### Records supplied
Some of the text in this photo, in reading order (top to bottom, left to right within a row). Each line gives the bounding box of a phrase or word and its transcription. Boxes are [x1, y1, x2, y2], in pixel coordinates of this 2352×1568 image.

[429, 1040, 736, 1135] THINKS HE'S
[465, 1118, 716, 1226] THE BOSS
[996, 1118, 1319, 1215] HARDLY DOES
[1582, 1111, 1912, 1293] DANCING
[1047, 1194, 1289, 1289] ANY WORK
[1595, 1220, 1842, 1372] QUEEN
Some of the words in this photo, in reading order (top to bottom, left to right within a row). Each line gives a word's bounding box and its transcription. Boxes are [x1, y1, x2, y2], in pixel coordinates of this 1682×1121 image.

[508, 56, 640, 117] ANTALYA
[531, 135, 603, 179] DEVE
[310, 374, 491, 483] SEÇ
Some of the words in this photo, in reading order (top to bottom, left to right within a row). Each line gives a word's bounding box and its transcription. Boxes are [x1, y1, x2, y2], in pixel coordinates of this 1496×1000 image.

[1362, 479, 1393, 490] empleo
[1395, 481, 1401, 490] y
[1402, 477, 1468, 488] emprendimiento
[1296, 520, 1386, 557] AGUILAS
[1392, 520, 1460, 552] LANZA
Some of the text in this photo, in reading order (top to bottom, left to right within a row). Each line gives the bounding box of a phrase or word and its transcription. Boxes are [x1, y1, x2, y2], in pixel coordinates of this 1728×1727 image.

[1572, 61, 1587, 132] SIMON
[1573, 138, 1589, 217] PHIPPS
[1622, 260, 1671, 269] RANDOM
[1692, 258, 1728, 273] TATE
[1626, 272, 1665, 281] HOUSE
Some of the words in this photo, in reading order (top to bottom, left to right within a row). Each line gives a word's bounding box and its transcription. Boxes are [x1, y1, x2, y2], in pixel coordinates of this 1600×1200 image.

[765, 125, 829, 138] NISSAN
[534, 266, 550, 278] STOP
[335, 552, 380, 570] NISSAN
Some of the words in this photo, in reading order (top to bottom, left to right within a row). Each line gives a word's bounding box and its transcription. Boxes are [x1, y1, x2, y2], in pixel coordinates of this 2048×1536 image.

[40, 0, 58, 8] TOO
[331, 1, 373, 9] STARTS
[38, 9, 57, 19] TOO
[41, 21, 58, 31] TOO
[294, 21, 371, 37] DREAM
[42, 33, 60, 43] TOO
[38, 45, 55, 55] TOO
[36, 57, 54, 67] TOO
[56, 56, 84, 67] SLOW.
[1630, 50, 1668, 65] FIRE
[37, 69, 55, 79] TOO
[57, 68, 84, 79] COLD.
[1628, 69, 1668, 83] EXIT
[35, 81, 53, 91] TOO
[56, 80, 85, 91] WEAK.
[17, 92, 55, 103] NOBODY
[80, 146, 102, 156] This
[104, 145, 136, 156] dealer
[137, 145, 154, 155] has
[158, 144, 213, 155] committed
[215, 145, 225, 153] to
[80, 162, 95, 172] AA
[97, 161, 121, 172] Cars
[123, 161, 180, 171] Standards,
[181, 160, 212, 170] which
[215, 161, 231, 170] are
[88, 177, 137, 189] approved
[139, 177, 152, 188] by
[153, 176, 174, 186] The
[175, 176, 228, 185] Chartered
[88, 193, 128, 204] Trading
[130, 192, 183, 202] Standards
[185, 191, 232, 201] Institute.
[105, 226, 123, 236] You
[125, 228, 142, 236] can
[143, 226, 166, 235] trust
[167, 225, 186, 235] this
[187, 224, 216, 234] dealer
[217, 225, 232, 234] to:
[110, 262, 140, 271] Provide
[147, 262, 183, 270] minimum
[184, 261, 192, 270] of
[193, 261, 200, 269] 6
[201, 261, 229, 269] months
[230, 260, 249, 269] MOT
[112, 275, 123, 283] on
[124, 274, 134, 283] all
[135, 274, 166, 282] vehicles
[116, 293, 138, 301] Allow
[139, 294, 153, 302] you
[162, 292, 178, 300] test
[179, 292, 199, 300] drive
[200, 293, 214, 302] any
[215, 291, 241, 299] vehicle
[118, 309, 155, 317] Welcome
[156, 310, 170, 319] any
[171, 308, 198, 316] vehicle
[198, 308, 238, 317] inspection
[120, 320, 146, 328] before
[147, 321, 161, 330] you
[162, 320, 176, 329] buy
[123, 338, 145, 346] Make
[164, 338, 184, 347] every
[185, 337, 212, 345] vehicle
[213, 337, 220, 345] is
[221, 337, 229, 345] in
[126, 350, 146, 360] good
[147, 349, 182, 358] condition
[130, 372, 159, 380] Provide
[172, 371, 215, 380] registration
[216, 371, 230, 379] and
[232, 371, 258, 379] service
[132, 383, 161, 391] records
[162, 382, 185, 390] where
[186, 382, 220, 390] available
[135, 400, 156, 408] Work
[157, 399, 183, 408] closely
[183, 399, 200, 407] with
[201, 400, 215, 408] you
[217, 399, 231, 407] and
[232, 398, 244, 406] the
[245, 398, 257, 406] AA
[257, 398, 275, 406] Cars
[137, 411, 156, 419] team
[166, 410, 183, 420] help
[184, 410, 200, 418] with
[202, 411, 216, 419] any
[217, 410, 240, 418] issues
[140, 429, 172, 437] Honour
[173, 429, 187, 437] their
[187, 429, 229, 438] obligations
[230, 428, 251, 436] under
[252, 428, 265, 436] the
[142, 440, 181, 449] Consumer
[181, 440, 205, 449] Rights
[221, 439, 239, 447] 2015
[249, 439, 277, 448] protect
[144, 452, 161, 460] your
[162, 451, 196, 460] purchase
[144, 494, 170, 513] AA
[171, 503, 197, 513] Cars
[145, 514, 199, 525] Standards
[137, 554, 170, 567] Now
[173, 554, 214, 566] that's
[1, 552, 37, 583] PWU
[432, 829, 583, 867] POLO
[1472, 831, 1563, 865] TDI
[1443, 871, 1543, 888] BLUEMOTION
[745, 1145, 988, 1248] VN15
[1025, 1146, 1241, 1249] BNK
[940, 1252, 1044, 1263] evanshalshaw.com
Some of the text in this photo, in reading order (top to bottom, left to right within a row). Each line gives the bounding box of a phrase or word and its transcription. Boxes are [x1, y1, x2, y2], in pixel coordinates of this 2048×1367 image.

### Problem description
The response must contain every entry, each one identical to the original.

### Expected answer
Some of the text in this photo, in reading order (top to bottom, left to right within a row). Each line gives the bounding box of a phrase or word and its transcription. Boxes are [x1, y1, x2, y2], in pixel coordinates of this 2352×1568 image.

[429, 1040, 736, 1135] THINKS HE'S
[465, 1118, 716, 1226] THE BOSS
[996, 1118, 1319, 1215] HARDLY DOES
[1582, 1111, 1912, 1293] DANCING
[1047, 1194, 1289, 1289] ANY WORK
[1595, 1220, 1842, 1372] QUEEN
Some of the words in this photo, in reading order (top to bottom, left to right within a row). Each line gives a word's bounding box and its transcription. Boxes are [x1, y1, x2, y2], in pixel coordinates of this 1682×1121 image.

[508, 56, 640, 117] ANTALYA
[531, 135, 603, 179] DEVE
[310, 374, 491, 483] SEÇ
Some of the words in this photo, in reading order (top to bottom, left to right within a row). Each line gives a word's bounding box and its transcription. Boxes are [x1, y1, x2, y2], in pixel coordinates of this 1496×1000 image.

[1362, 479, 1393, 490] empleo
[1395, 481, 1401, 490] y
[1402, 477, 1468, 488] emprendimiento
[1296, 520, 1386, 557] AGUILAS
[1392, 520, 1460, 552] LANZA
Some of the text in this photo, in reading order (top to bottom, left to right within a row). Each line gives the bounding box of a phrase or word and its transcription. Boxes are [x1, y1, x2, y2], in pixel coordinates of this 1728×1727 image.

[1572, 61, 1587, 132] SIMON
[1573, 138, 1589, 217] PHIPPS
[1622, 260, 1671, 269] RANDOM
[1692, 258, 1728, 273] TATE
[1626, 272, 1665, 281] HOUSE
Some of the words in this photo, in reading order (top to bottom, left to right within a row). Each line gives a word's bounding box and its transcription. Boxes are [x1, y1, x2, y2], in pixel coordinates of this 1600×1200 image.

[765, 125, 829, 138] NISSAN
[534, 266, 550, 278] STOP
[335, 552, 380, 570] NISSAN
Some of the words in this photo, in reading order (top to bottom, left to right within a row). Each line gives a word's bounding box and its transcription. Boxes are [x1, y1, x2, y2], in pixel coordinates of this 2048×1536 image.

[40, 0, 58, 8] TOO
[331, 1, 373, 9] STARTS
[38, 9, 57, 19] TOO
[41, 21, 58, 31] TOO
[294, 21, 371, 37] DREAM
[42, 33, 60, 43] TOO
[38, 45, 55, 55] TOO
[36, 57, 54, 67] TOO
[56, 56, 84, 67] SLOW.
[1630, 50, 1668, 65] FIRE
[37, 69, 55, 79] TOO
[57, 68, 84, 79] COLD.
[1628, 69, 1668, 83] EXIT
[35, 81, 53, 91] TOO
[56, 80, 85, 91] WEAK.
[17, 92, 55, 103] NOBODY
[80, 146, 102, 156] This
[104, 145, 136, 156] dealer
[137, 145, 154, 155] has
[158, 144, 213, 155] committed
[215, 145, 225, 153] to
[80, 162, 95, 172] AA
[97, 161, 121, 172] Cars
[123, 161, 180, 171] Standards,
[181, 160, 212, 170] which
[215, 161, 231, 170] are
[88, 177, 137, 189] approved
[139, 177, 152, 188] by
[153, 176, 174, 186] The
[175, 176, 228, 185] Chartered
[88, 193, 128, 204] Trading
[130, 192, 183, 202] Standards
[185, 191, 232, 201] Institute.
[105, 226, 123, 236] You
[125, 228, 142, 236] can
[143, 226, 166, 235] trust
[167, 225, 186, 235] this
[187, 224, 216, 234] dealer
[217, 225, 232, 234] to:
[110, 262, 140, 271] Provide
[147, 262, 183, 270] minimum
[184, 261, 192, 270] of
[193, 261, 200, 269] 6
[201, 261, 229, 269] months
[230, 260, 249, 269] MOT
[112, 275, 123, 283] on
[124, 274, 134, 283] all
[135, 274, 166, 282] vehicles
[116, 293, 138, 301] Allow
[139, 294, 153, 302] you
[162, 292, 178, 300] test
[179, 292, 199, 300] drive
[200, 293, 214, 302] any
[215, 291, 241, 299] vehicle
[118, 309, 155, 317] Welcome
[156, 310, 170, 319] any
[171, 308, 198, 316] vehicle
[198, 308, 238, 317] inspection
[120, 320, 146, 328] before
[147, 321, 161, 330] you
[162, 320, 176, 329] buy
[123, 338, 145, 346] Make
[164, 338, 184, 347] every
[185, 337, 212, 345] vehicle
[213, 337, 220, 345] is
[221, 337, 229, 345] in
[126, 350, 146, 360] good
[147, 349, 182, 358] condition
[130, 372, 159, 380] Provide
[172, 371, 215, 380] registration
[216, 371, 230, 379] and
[232, 371, 258, 379] service
[132, 383, 161, 391] records
[162, 382, 185, 390] where
[186, 382, 220, 390] available
[135, 400, 156, 408] Work
[157, 399, 183, 408] closely
[183, 399, 200, 407] with
[201, 400, 215, 408] you
[217, 399, 231, 407] and
[232, 398, 244, 406] the
[245, 398, 257, 406] AA
[257, 398, 275, 406] Cars
[137, 411, 156, 419] team
[166, 410, 183, 420] help
[184, 410, 200, 418] with
[202, 411, 216, 419] any
[217, 410, 240, 418] issues
[140, 429, 172, 437] Honour
[173, 429, 187, 437] their
[187, 429, 229, 438] obligations
[230, 428, 251, 436] under
[252, 428, 265, 436] the
[142, 440, 181, 449] Consumer
[181, 440, 205, 449] Rights
[221, 439, 239, 447] 2015
[249, 439, 277, 448] protect
[144, 452, 161, 460] your
[162, 451, 196, 460] purchase
[144, 494, 170, 513] AA
[171, 503, 197, 513] Cars
[145, 514, 199, 525] Standards
[137, 554, 170, 567] Now
[173, 554, 214, 566] that's
[1, 552, 37, 583] PWU
[432, 829, 583, 867] POLO
[1472, 831, 1563, 865] TDI
[1443, 871, 1543, 888] BLUEMOTION
[745, 1145, 988, 1248] VN15
[1025, 1146, 1241, 1249] BNK
[940, 1252, 1044, 1263] evanshalshaw.com
Some of the text in this photo, in reading order (top to bottom, left to right within a row). Each line gives the bounding box of a phrase or word and its transcription. Boxes are [x1, y1, x2, y2], in pixel coordinates of this 2048×1367 image.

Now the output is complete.